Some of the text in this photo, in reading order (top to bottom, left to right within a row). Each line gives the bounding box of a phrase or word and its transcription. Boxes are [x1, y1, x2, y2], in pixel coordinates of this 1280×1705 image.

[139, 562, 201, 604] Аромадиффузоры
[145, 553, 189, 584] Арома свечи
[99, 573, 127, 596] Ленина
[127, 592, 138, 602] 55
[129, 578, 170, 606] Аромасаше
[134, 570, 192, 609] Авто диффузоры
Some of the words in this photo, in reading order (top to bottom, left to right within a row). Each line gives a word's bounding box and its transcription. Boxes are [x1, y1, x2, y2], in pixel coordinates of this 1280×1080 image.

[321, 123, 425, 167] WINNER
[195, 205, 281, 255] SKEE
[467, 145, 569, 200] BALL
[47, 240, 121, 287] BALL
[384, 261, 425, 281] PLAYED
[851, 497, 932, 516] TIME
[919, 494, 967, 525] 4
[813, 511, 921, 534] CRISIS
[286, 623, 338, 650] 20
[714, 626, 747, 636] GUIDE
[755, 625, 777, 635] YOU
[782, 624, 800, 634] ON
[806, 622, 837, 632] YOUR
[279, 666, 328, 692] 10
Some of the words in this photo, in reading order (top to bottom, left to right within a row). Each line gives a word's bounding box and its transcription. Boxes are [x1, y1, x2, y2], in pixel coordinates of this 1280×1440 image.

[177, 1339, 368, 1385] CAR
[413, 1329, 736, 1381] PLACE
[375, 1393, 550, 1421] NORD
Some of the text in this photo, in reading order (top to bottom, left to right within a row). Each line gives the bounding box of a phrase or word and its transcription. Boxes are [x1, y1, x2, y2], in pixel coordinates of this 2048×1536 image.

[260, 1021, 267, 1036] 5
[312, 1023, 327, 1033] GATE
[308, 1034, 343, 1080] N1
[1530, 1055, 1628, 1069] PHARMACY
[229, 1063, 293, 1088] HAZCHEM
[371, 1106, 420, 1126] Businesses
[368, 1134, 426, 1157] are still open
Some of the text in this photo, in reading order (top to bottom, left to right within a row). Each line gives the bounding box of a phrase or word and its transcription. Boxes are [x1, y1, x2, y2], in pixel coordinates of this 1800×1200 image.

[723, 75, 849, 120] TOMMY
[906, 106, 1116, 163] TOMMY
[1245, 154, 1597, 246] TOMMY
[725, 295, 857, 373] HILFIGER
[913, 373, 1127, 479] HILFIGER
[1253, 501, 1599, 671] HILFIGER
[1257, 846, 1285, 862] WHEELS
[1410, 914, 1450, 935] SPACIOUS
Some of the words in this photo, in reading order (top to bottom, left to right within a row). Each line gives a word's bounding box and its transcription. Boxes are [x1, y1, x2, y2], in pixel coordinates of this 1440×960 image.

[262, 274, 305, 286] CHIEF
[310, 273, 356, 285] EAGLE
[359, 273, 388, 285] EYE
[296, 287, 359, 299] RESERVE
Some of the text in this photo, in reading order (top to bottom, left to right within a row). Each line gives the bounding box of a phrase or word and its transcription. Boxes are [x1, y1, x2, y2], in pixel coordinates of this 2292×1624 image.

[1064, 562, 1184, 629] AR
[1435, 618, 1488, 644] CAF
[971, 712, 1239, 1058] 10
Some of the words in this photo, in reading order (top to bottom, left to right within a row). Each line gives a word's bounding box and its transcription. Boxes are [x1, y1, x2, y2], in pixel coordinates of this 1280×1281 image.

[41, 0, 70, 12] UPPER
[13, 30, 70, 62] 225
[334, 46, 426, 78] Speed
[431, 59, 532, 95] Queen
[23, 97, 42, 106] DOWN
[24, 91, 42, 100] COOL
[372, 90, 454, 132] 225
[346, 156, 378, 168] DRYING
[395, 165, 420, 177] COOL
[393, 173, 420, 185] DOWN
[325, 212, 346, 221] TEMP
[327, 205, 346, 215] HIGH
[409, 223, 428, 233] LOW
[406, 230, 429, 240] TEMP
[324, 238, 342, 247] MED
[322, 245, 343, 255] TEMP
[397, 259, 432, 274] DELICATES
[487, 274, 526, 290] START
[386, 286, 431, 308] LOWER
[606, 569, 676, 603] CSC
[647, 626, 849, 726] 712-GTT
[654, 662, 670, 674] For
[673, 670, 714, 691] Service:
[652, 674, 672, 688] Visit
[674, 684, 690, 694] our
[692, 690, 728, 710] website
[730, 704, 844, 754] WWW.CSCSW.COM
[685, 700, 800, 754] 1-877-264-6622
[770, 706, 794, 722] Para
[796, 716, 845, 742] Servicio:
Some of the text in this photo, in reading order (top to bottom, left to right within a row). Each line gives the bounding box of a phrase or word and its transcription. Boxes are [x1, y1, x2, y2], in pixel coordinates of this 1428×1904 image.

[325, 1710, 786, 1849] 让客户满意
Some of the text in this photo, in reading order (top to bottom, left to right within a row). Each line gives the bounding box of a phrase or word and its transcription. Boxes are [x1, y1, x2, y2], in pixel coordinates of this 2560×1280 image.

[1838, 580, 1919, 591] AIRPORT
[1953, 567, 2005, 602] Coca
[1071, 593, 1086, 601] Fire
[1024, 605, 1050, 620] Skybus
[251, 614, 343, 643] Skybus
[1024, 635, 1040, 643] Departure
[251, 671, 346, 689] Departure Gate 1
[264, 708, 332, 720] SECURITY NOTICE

_TASK STATEMENT_
Only output the lines from the one with "this 2560×1280 image." through the end of the entries above, exactly as they are.

_COMPLETED TASK_
Some of the text in this photo, in reading order (top to bottom, left to right within a row). Each line gives the bounding box of a phrase or word and its transcription. Boxes are [x1, y1, x2, y2], in pixel coordinates of this 2560×1280 image.

[1838, 580, 1919, 591] AIRPORT
[1953, 567, 2005, 602] Coca
[1071, 593, 1086, 601] Fire
[1024, 605, 1050, 620] Skybus
[251, 614, 343, 643] Skybus
[1024, 635, 1040, 643] Departure
[251, 671, 346, 689] Departure Gate 1
[264, 708, 332, 720] SECURITY NOTICE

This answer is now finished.